--- DATA ---
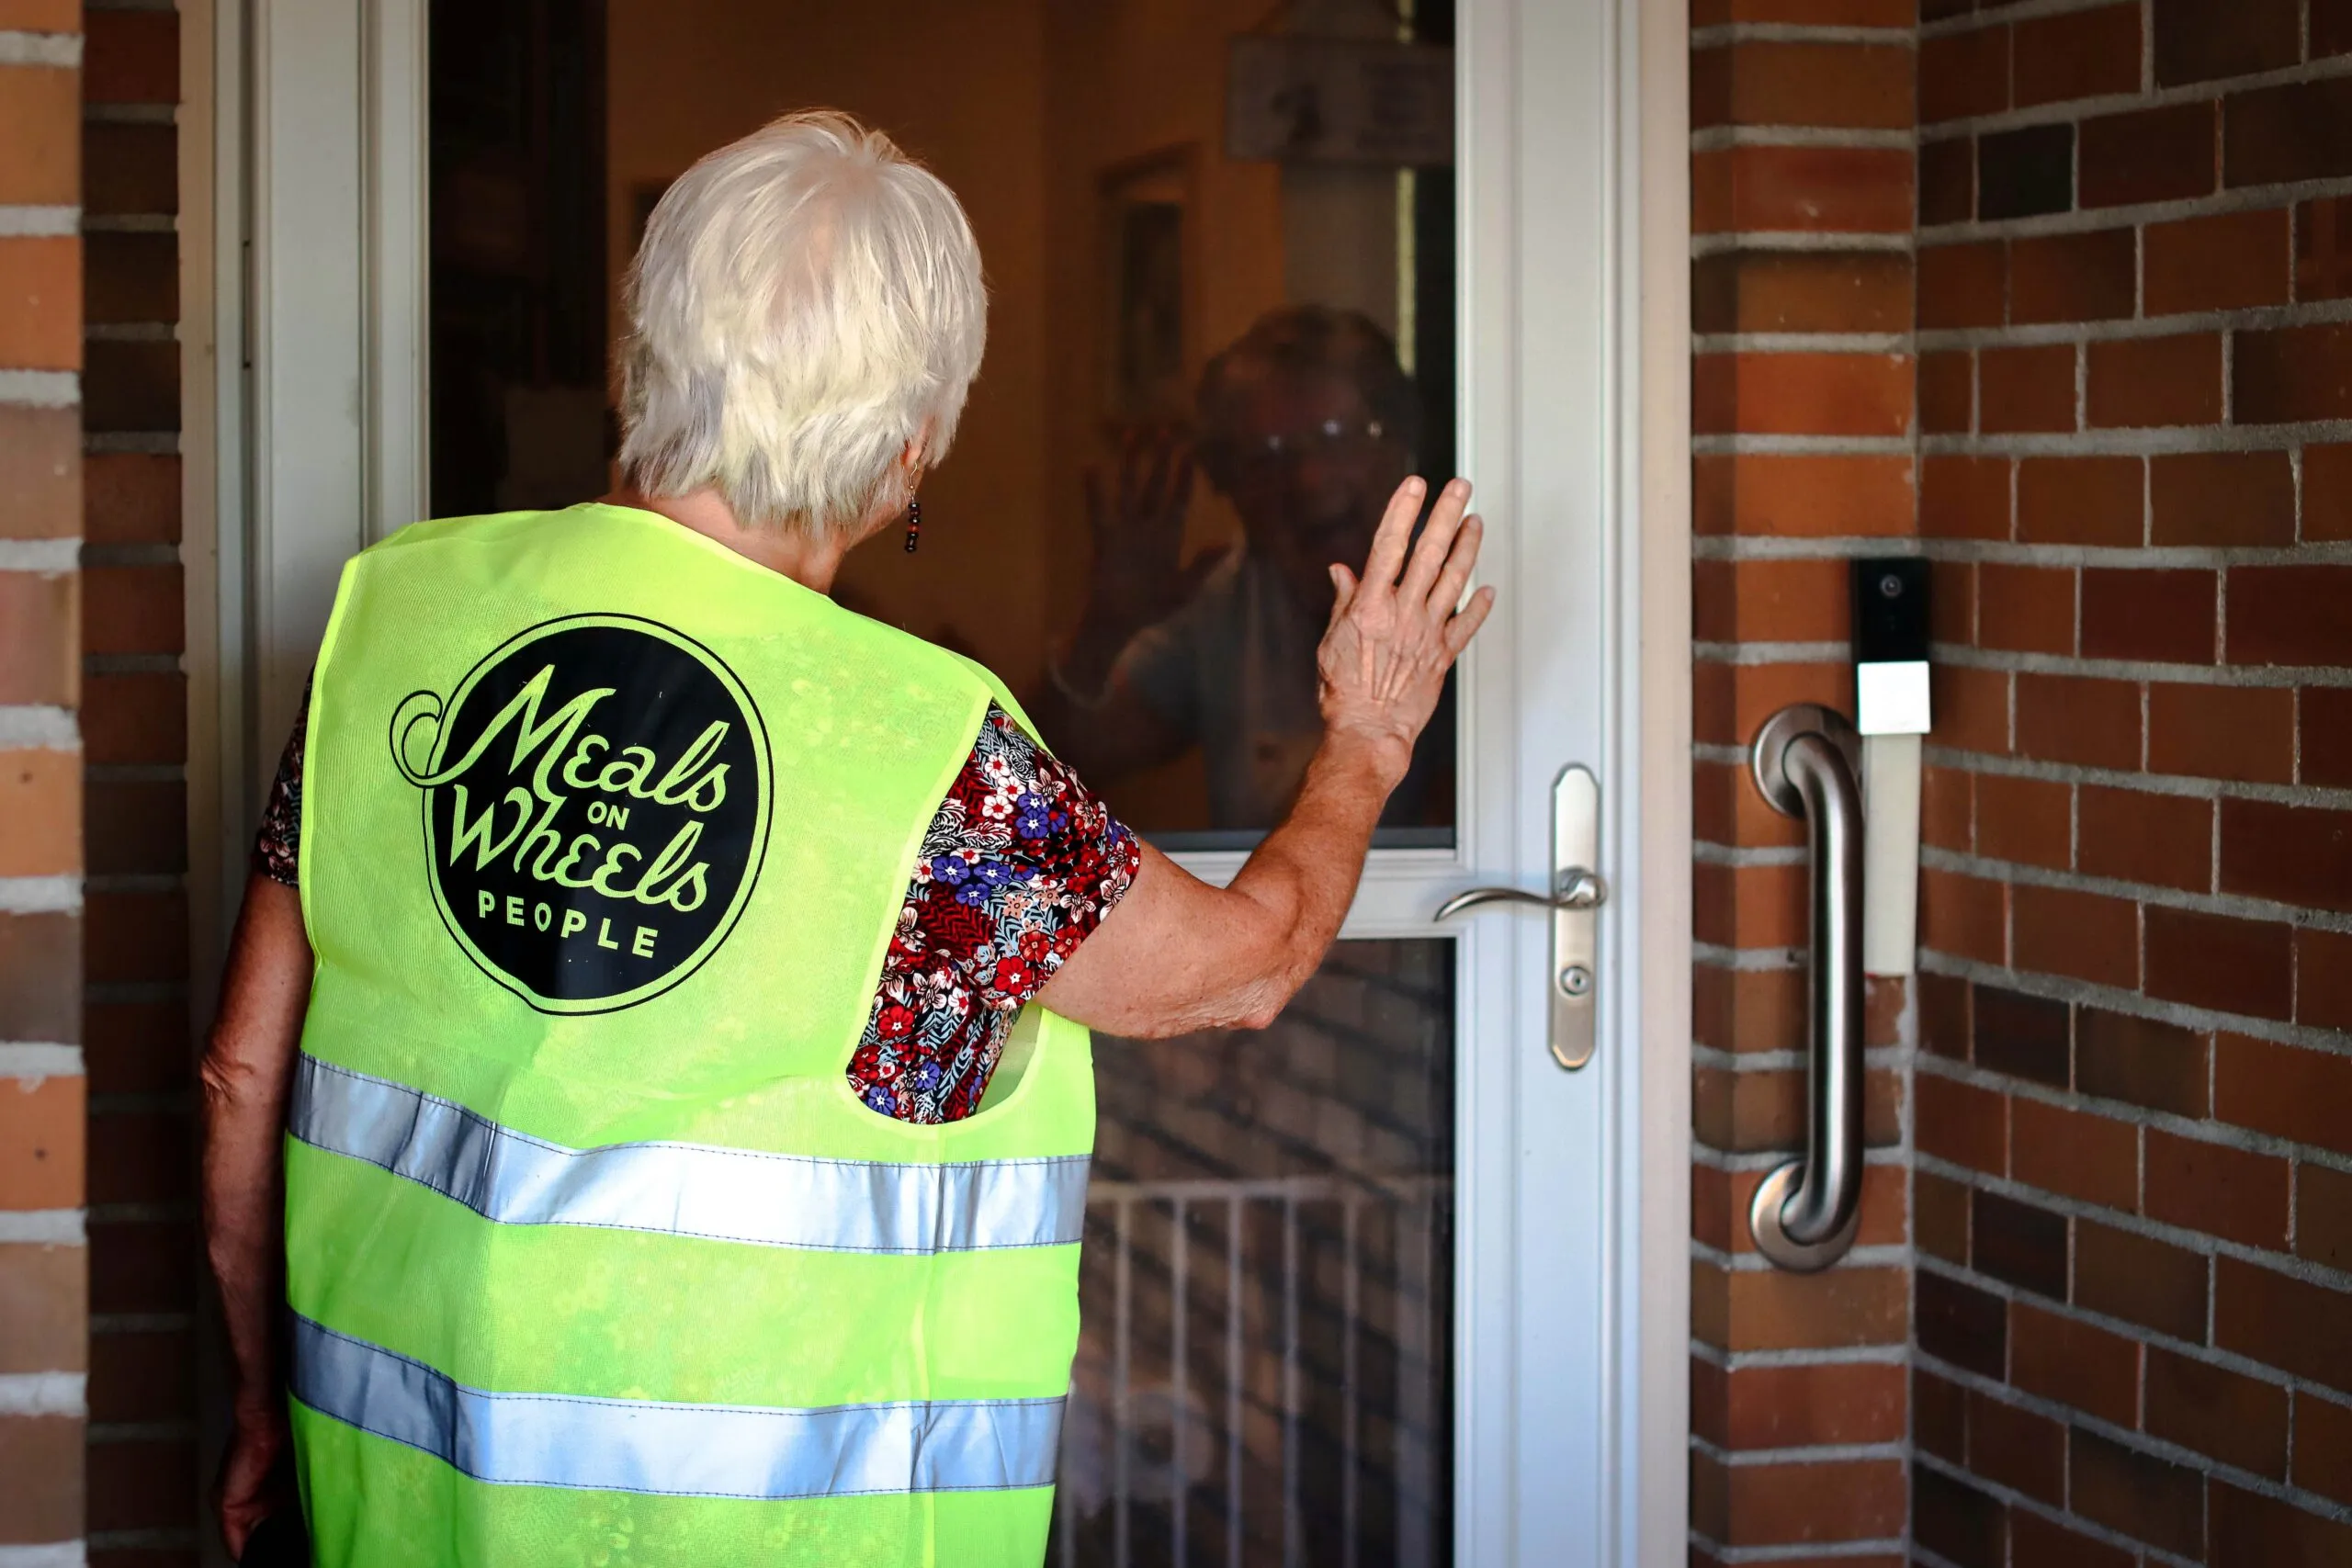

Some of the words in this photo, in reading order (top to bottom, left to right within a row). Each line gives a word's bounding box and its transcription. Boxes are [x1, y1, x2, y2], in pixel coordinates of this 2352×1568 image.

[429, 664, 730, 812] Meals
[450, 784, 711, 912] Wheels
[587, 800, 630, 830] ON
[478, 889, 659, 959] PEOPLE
---
WHAT THIS TASK INVOLVES
Write out the entries above word for word. Do not include the pictures.

ANSWER SECTION
Some of the words in this photo, in reading order (top to bottom, left to right within a row). Each line gives a word's bounding box and its transcription. Boxes are [x1, y1, x2, y2], in pixel coordinates of this 2352×1568 image.

[429, 664, 730, 812] Meals
[450, 784, 711, 912] Wheels
[587, 800, 630, 830] ON
[478, 889, 659, 959] PEOPLE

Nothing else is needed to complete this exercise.